Records drawn from a dataset:
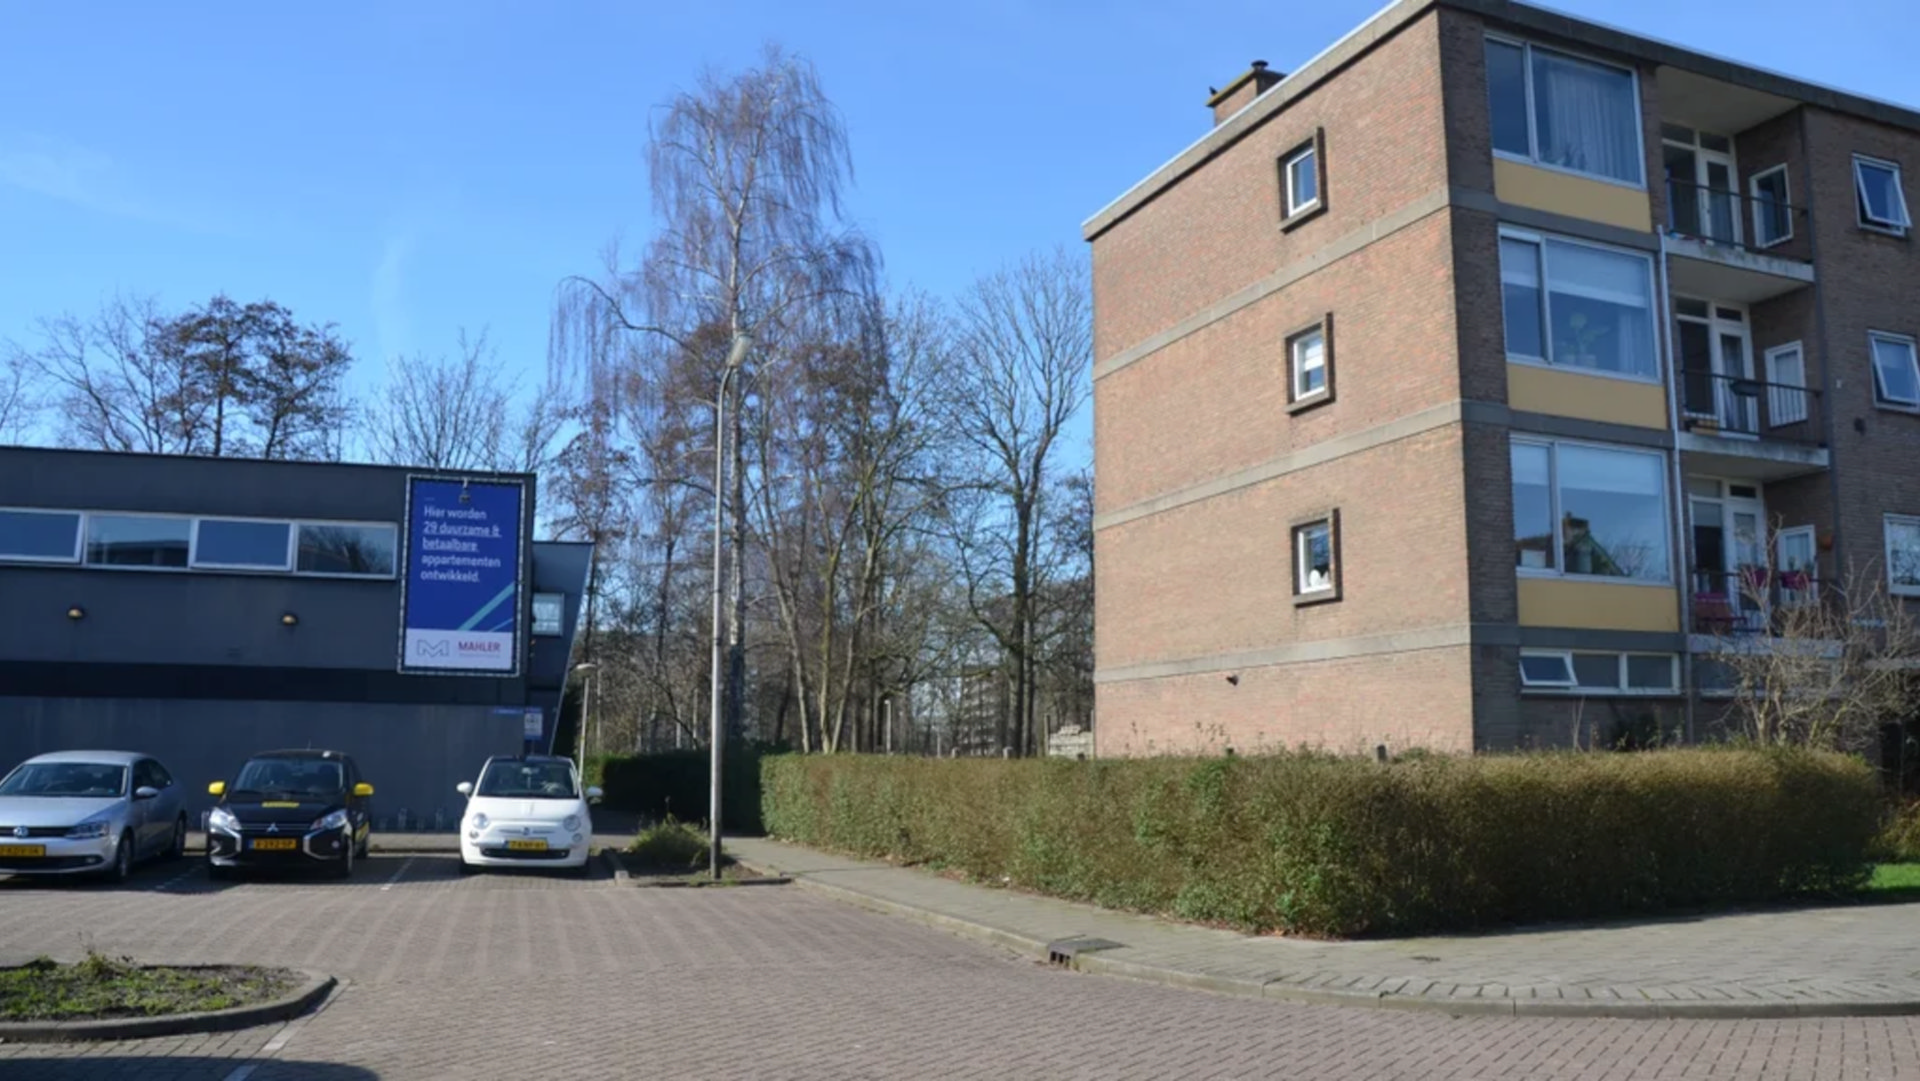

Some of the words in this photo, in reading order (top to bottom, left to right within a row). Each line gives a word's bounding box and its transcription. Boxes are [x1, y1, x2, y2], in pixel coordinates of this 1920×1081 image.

[424, 506, 446, 518] Hier
[447, 508, 487, 519] worden
[423, 521, 438, 533] 29
[440, 522, 490, 536] duurzame
[422, 537, 477, 551] betaalbare
[421, 555, 501, 568] appartementen
[420, 570, 479, 583] ontwikkeld.
[458, 641, 501, 652] MAHLER
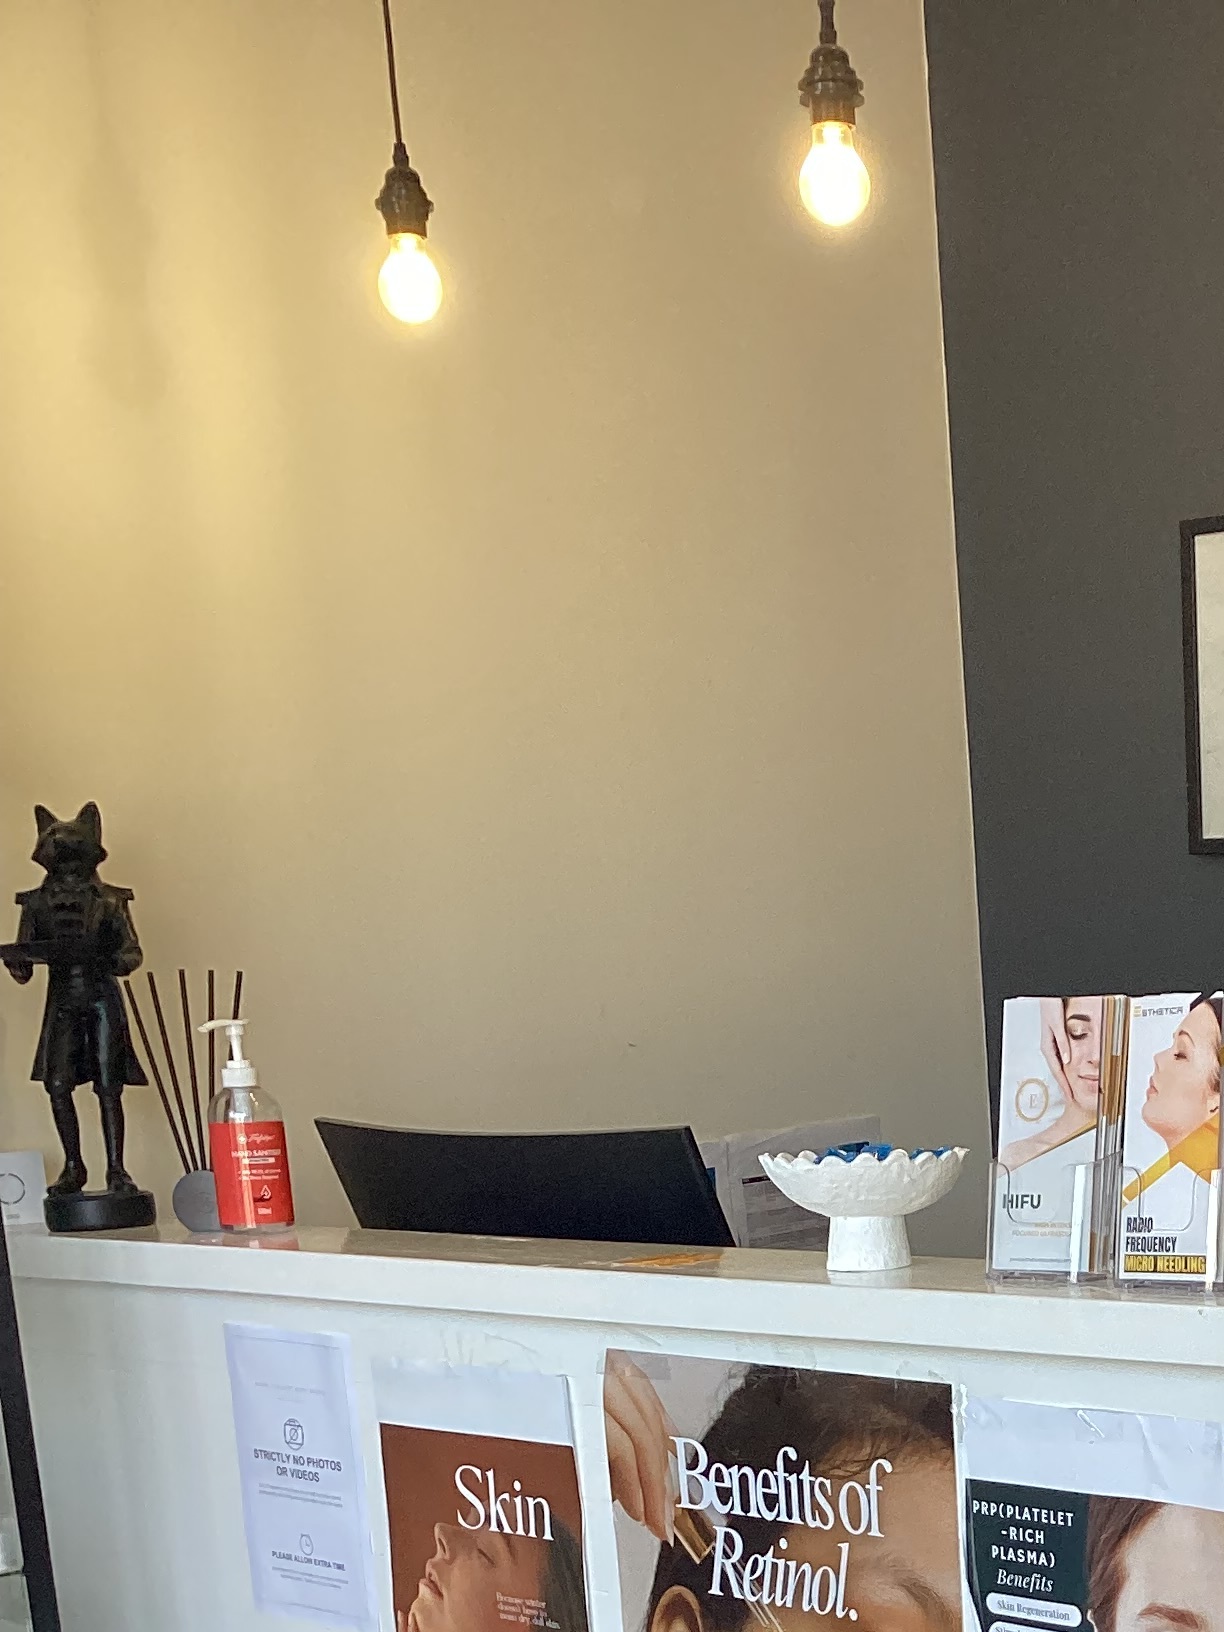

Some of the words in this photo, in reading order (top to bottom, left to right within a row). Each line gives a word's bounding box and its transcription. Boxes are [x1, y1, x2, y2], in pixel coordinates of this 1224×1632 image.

[1003, 1194, 1041, 1209] HIFU
[1126, 1217, 1153, 1233] RADIO
[1126, 1237, 1177, 1253] FREQUENCY
[1125, 1256, 1154, 1271] MICRO
[1157, 1256, 1205, 1273] NEEDLING
[254, 1449, 291, 1464] STRICTLY
[293, 1455, 305, 1466] NO
[307, 1457, 342, 1471] PHOTOS
[276, 1466, 288, 1477] OR
[289, 1468, 319, 1482] VIDEOS
[669, 1435, 833, 1530] Benefits
[841, 1458, 892, 1537] of
[455, 1464, 554, 1541] Skin
[973, 1500, 1073, 1526] PRP(PLATELET
[1001, 1526, 1044, 1544] -RICH
[991, 1545, 1055, 1568] PLASMA)
[708, 1526, 859, 1622] Retinol.
[997, 1569, 1053, 1593] Benefits
[997, 1600, 1015, 1612] Skin
[1017, 1603, 1070, 1620] Regeneration

● Exercise objective
Without the pictures, repeat every record above exactly as written.

● Answer space
Some of the words in this photo, in reading order (top to bottom, left to right within a row). Each line gives a word's bounding box and its transcription. Boxes are [x1, y1, x2, y2], in pixel coordinates of this 1920×1081 image.

[424, 506, 446, 518] Hier
[447, 508, 487, 519] worden
[423, 521, 438, 533] 29
[440, 522, 490, 536] duurzame
[422, 537, 477, 551] betaalbare
[421, 555, 501, 568] appartementen
[420, 570, 479, 583] ontwikkeld.
[458, 641, 501, 652] MAHLER

Some of the words in this photo, in reading order (top to bottom, left to right within a row). Each line gives a word's bounding box and its transcription. Boxes are [x1, y1, x2, y2], in pixel coordinates of this 1224×1632 image.

[1003, 1194, 1041, 1209] HIFU
[1126, 1217, 1153, 1233] RADIO
[1126, 1237, 1177, 1253] FREQUENCY
[1125, 1256, 1154, 1271] MICRO
[1157, 1256, 1205, 1273] NEEDLING
[254, 1449, 291, 1464] STRICTLY
[293, 1455, 305, 1466] NO
[307, 1457, 342, 1471] PHOTOS
[276, 1466, 288, 1477] OR
[289, 1468, 319, 1482] VIDEOS
[669, 1435, 833, 1530] Benefits
[841, 1458, 892, 1537] of
[455, 1464, 554, 1541] Skin
[973, 1500, 1073, 1526] PRP(PLATELET
[1001, 1526, 1044, 1544] -RICH
[991, 1545, 1055, 1568] PLASMA)
[708, 1526, 859, 1622] Retinol.
[997, 1569, 1053, 1593] Benefits
[997, 1600, 1015, 1612] Skin
[1017, 1603, 1070, 1620] Regeneration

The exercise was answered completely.